Google has shipped the Google Patents Search, it lets users to search for US patents by keyword, patent number, inventor and filing date. The search works on the same lines of Google Book Search.
Google provided access through its Book Search service to books that are in the public domain. The service will allow web surfers to download PDF files of the books for later reading, to run searches or to print them on paper. Until now, the service only allowed people to read the out-of-copyright books online.
The Google deal will build on an existing service, which allows people to read out-of-copyright books online. Google supports the service by showing its small, keyword-generated text ads on search-results pages.
The download initiative does not include books under copyright. For these titles, Book Search will display basic bibliographic information and, in many cases, small snippets of text surrounding a search term, unless it has permission from the publisher to show more.
Google's Book Search service is the product of its Books Library Project, which is digitising books from major libraries around the world in order to make them searchable online. Its partners include noted universities such as Harvard and Oxford. Google also is conducting a pilot project with the US Library of Congress.
Gale Etschmaier, Associate University Librarian for Public Services at Gelman Library said that Google's method of scanning entire books and access to millions of texts makes it easier for students and faculty to conduct research.

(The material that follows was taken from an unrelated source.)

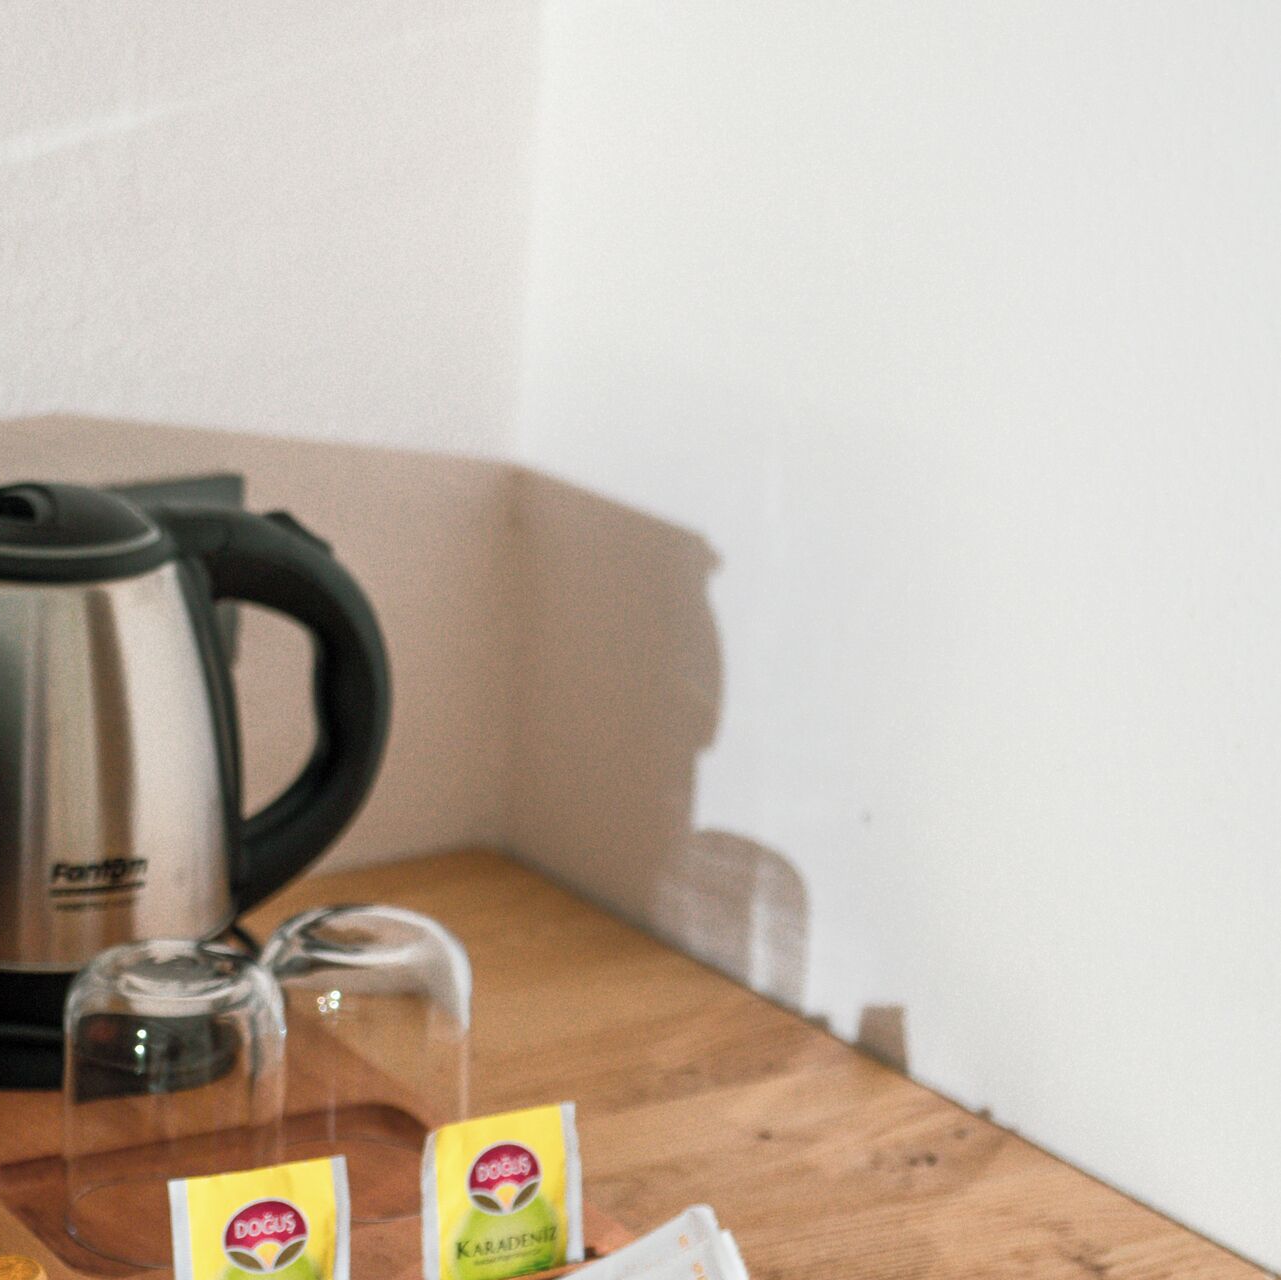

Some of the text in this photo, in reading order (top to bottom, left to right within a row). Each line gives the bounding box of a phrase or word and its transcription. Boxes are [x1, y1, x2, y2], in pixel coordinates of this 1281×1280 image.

[475, 1153, 532, 1183] DOĞUŞ
[234, 1212, 297, 1240] DOĞUŞ
[456, 1226, 558, 1260] KARADENİZ

Commenting on the Google Patents Search, Google Software Engineer Doug Banks on the company’s blog writes, “It's a natural extension of our mission to make this public-domain government information more easily accessible using Google’s search technology".
Google had expanded its Google News service by adding an archive of articles spanning more than 200 years allowing users to look up articles from publications that date back to the18th century. "The goal is to help users explore history as it unfolded,'' said Anurag Acharya, an engineer at Google who worked on the archive project.

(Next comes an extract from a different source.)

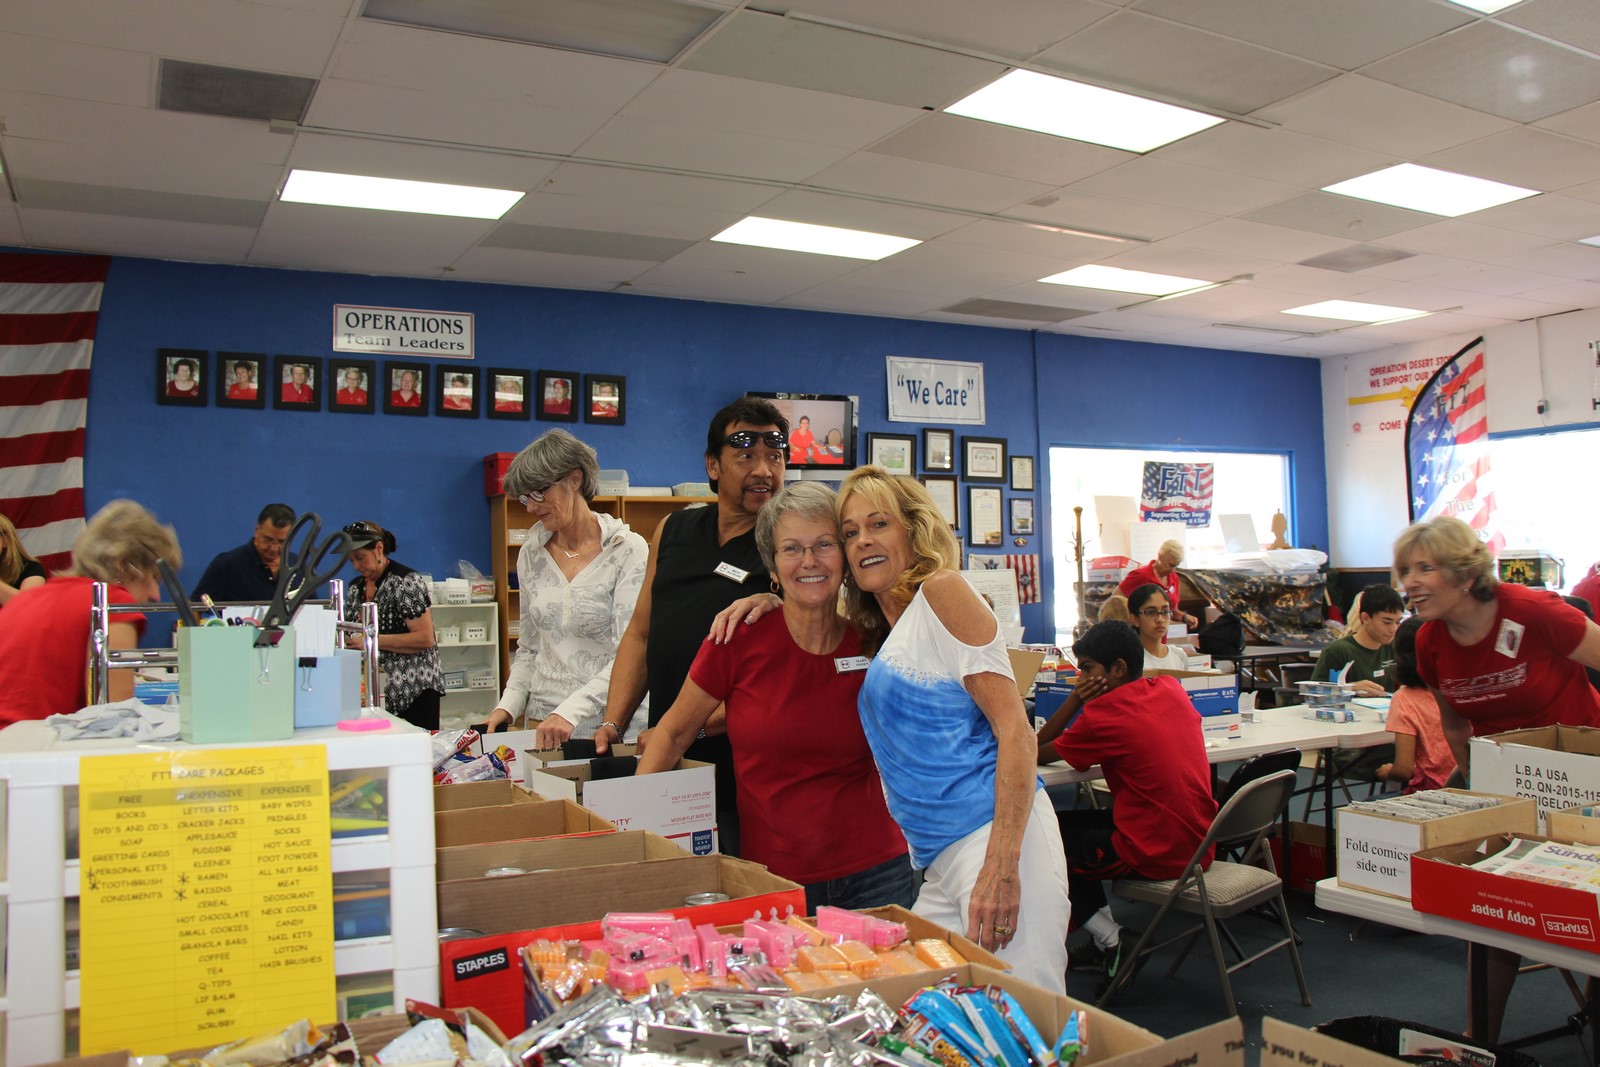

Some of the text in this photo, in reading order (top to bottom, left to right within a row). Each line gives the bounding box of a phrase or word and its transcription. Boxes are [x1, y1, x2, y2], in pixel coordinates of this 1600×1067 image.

The archive can be found by typing news. google.com/archivesearch or through a link on news.google.com, will also include snippets of news articles and other documents from research companies that require paid subscriptions like LexisNexis, Factiva and HighBeam Research.
To retrieve an entire document from any paid service, a person will have to pay a fee. "We'll see increased traffic from Google tomorrow,'' predicted Patrick Spain, chief executive officer of HighBeam Research. HighBeam charges USD 19.95 a month to view the full text of approximately 35 million documents from more than 3,000 sources, plus other services.
In a move similar to its Google Book Search, the historical archive will allow users to read extracts from a subscription site's articles offering interested readers the chance to click on to that site and purchase the full article if they wish.
This move is instigating a lot of fear and criticism among traditional companies. In February, the World Association of Newspapers said it was considering legal action against Google News. It argued that the global aggregation service, which displays news headlines and a snippet of text on Google's own site, was "building a new medium on the backs of our industry, without paying for any of the content".
Jim Gerber, Google's content partnerships director, argued that the extension did not pose a threat to news companies. "The gut instinct may seem like it is positioned as competitive to aggregators but, as you can see, we have aggregator partners on board. At the end of the day, this points traffic back to partners and that can be very valuable," he said.
Articles in the archive will be available in multiple languages. However, Jim Gerber, the director of content partnerships at the Mountain View company, said Google has not yet made agreements with foreign news providers to include their digital archives.
Google is also not including blogs, because of the dramatic differences in quality that characterise work in the blogosphere. "Our goal is to focus on history, and history has largely been recorded by traditional news services,'' Acharya said.
Acharya also said that Google might decide to include advertising in the archive in the future.